By Quentin Sommerville and Bilal Sarwary
BBC News, Kabul
President Karzai was angered by the Qatar process
The Afghan government is planning to meet the Taliban in Saudi Arabia in an attempt to jump-start peace talks, the BBC has learned.
The landmark meeting will come in the coming weeks, before the establishment of a Taliban office in Qatar, according to Western and Afghan officials.
The Taliban have refused previously to recognise the government of President Hamid Karzai.
Senior officials in Kabul say the Taliban have agreed to the meeting.
The militant group, contacted by the BBC, refused to comment on the move.
The Taliban have so far insisted they would only talk to the US and other allies of the Kabul government.
A senior Afghan government official told the BBC: “Even if the Taliban office is established in Qatar, we will obviously pursue other efforts in the region, including Saudi Arabia and Turkey.”
He continued: “Saudi Arabia has played an important role in the past. We value that and look forward to continued support and contact with Saudi Arabia in continuing the peace process.”
President Karzai was angered by US and Qatari efforts to kick-start the peace process without consulting his government fully.
In December, he recalled the Afghan ambassador in Doha. A delegation from Qatar is expected to arrive in Kabul shortly in an attempt to mend fences.
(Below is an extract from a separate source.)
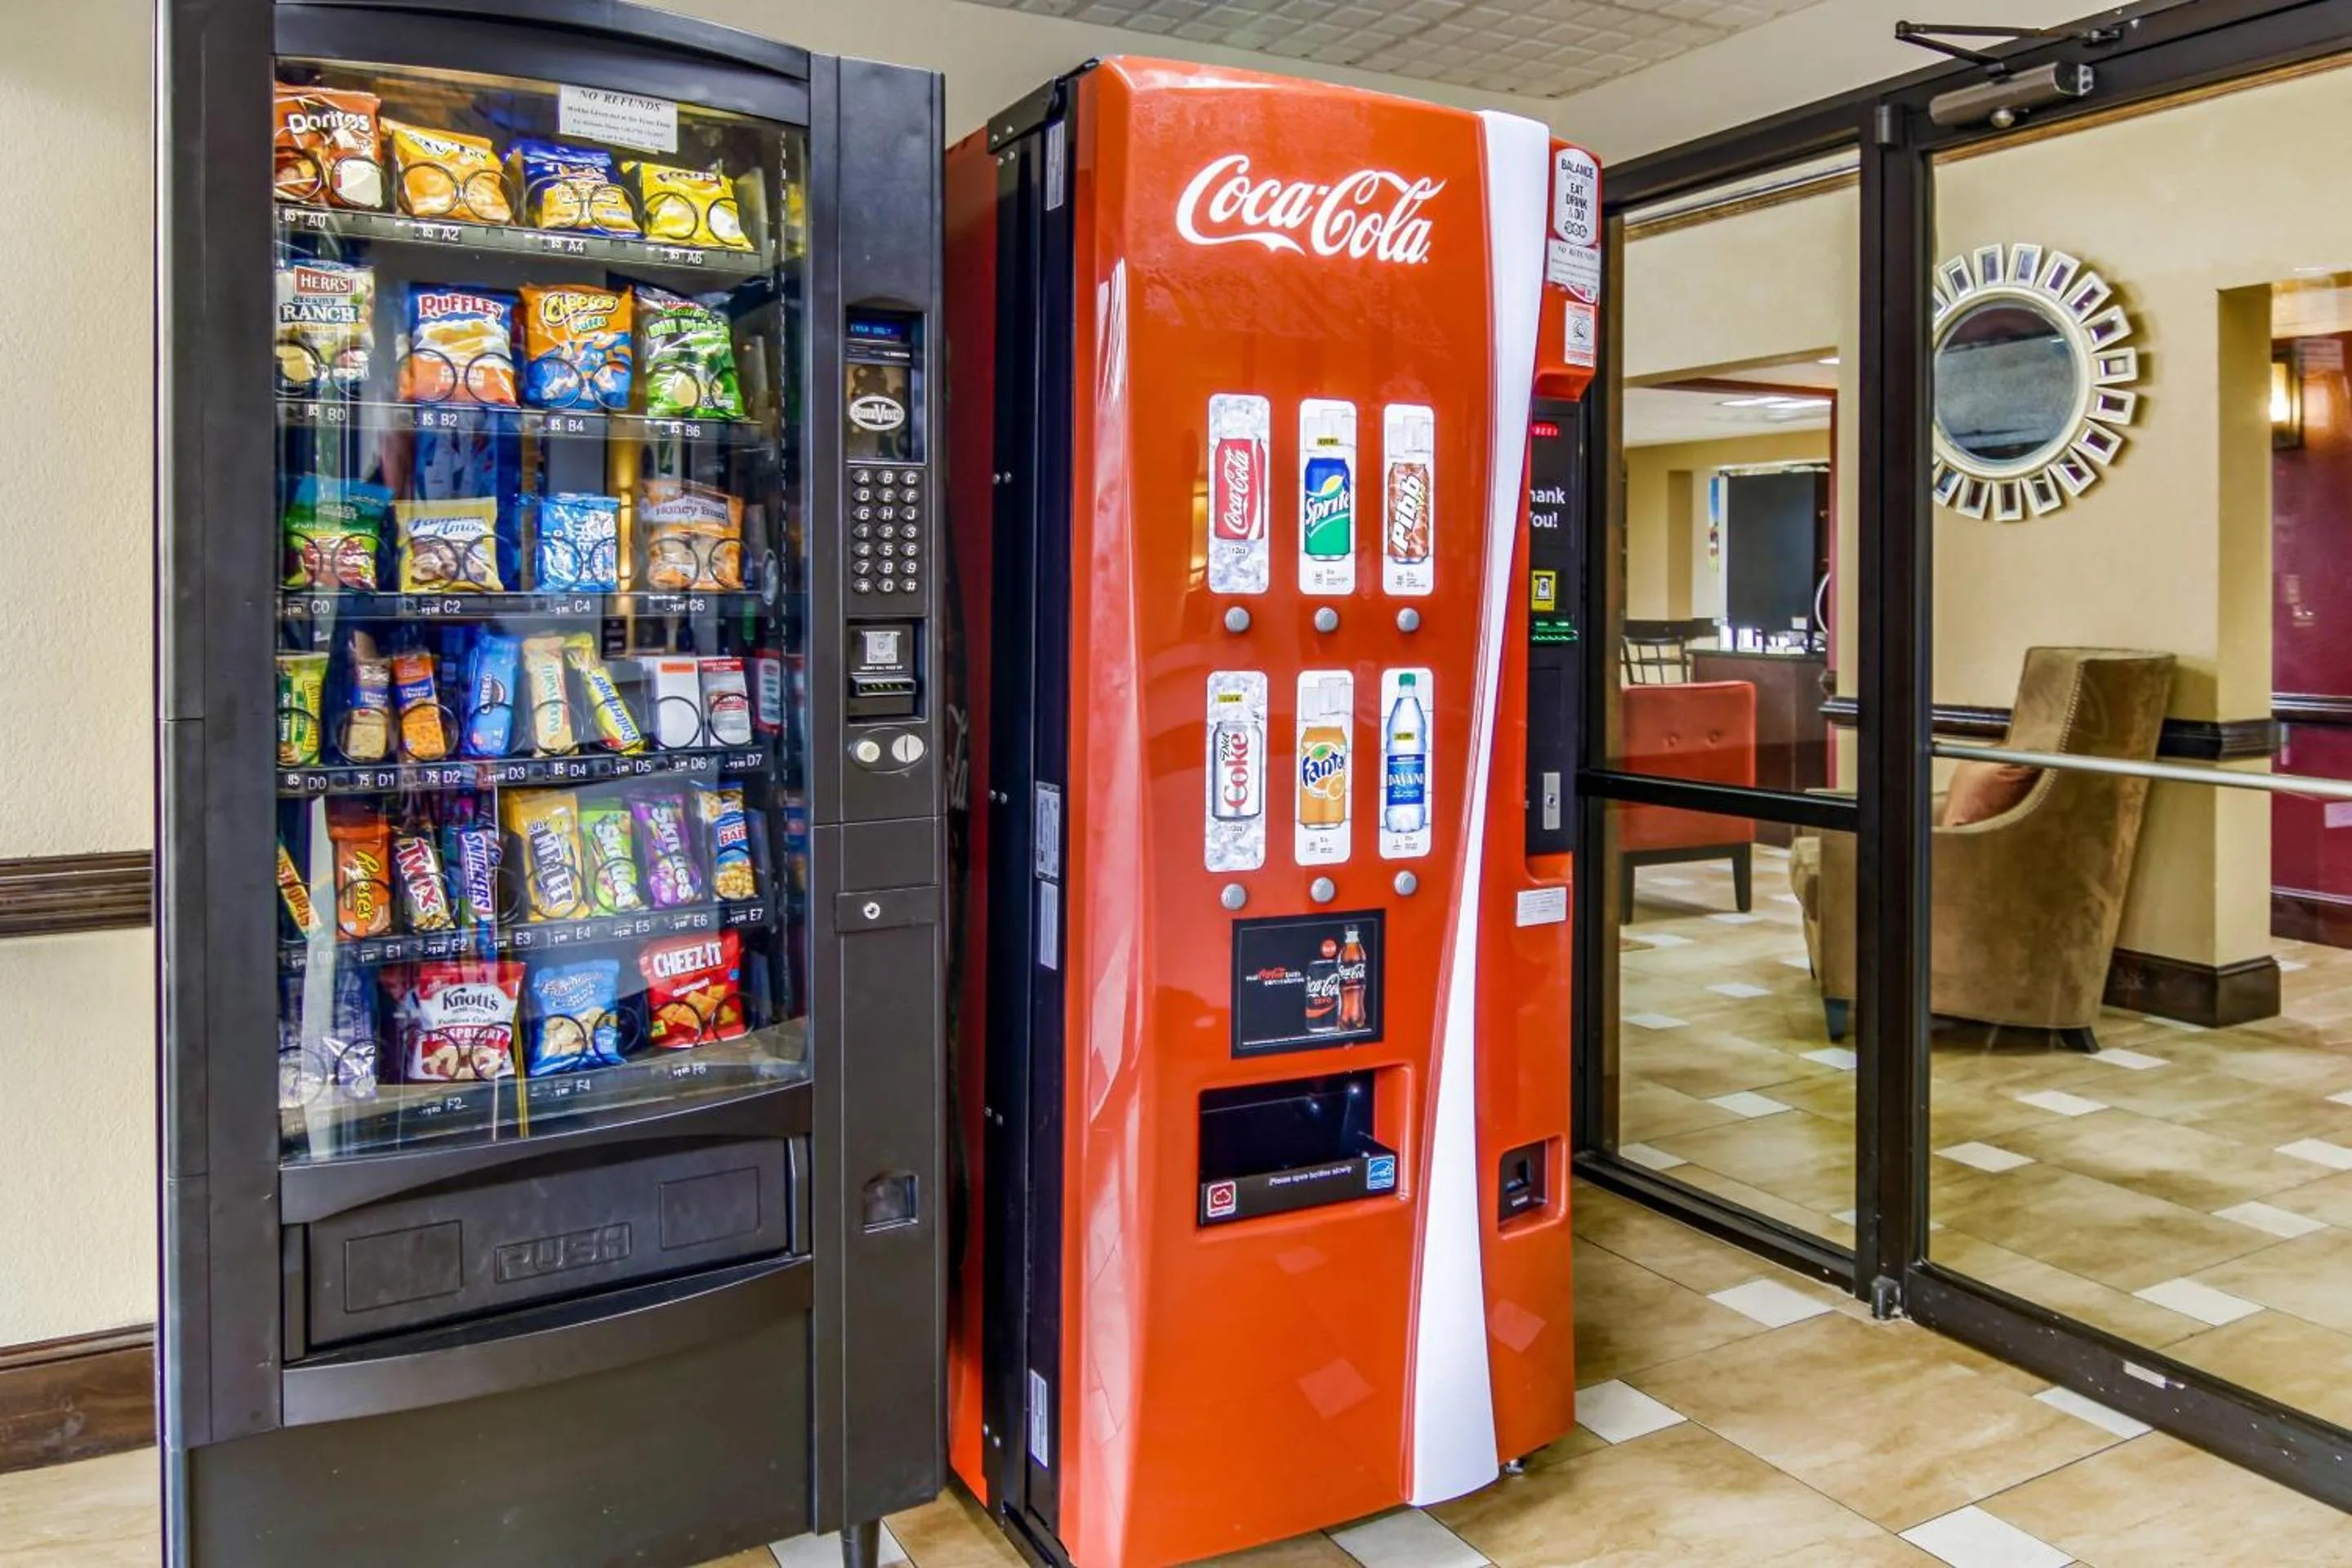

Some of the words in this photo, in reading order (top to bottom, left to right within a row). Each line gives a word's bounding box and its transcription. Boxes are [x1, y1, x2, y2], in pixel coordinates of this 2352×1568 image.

As reported by the UK’s Daily Telegraph newspaper, a number of Taliban officials have already arrived in Qatar.
The delegation includes Sher Mohammad Stanakzai, the Taliban’s former deputy foreign minister and Shabudin Dilawari, a former ambassador to Saudi Arabia, and Tayeb Agha, a close aide of Taliban leader Mullah Omar.
However, details for the establishment of a permanent office have still to be finalised.
Michael Semple, a former EU envoy to Kabul who was expelled in 2007 for talking to the Taliban (SEE: What exactly were Mervyn Patterson and Michael Semple doing in Helmand?), told BBC radio that the Taliban were “confused by the lack of coherence” between the Afghan government and the international community.
“There’s a risk that the Taliban sit there and think there’s some kind of divide-and-rule going on from the international side… and that actually no negotiated deal is possible and that they are far better off maintaining the coherence of their leadership which at the moment, frankly, looks rather more coherent and united than anything on either the Afghan government or international side,” he said. (SEE: Dissecting the Anti-Pakistan Psyop)
There are worries that the Taliban are using the political office to raise funds, and as a ploy to buy time before foreign combat troops leave Afghanistan at the end of 2014.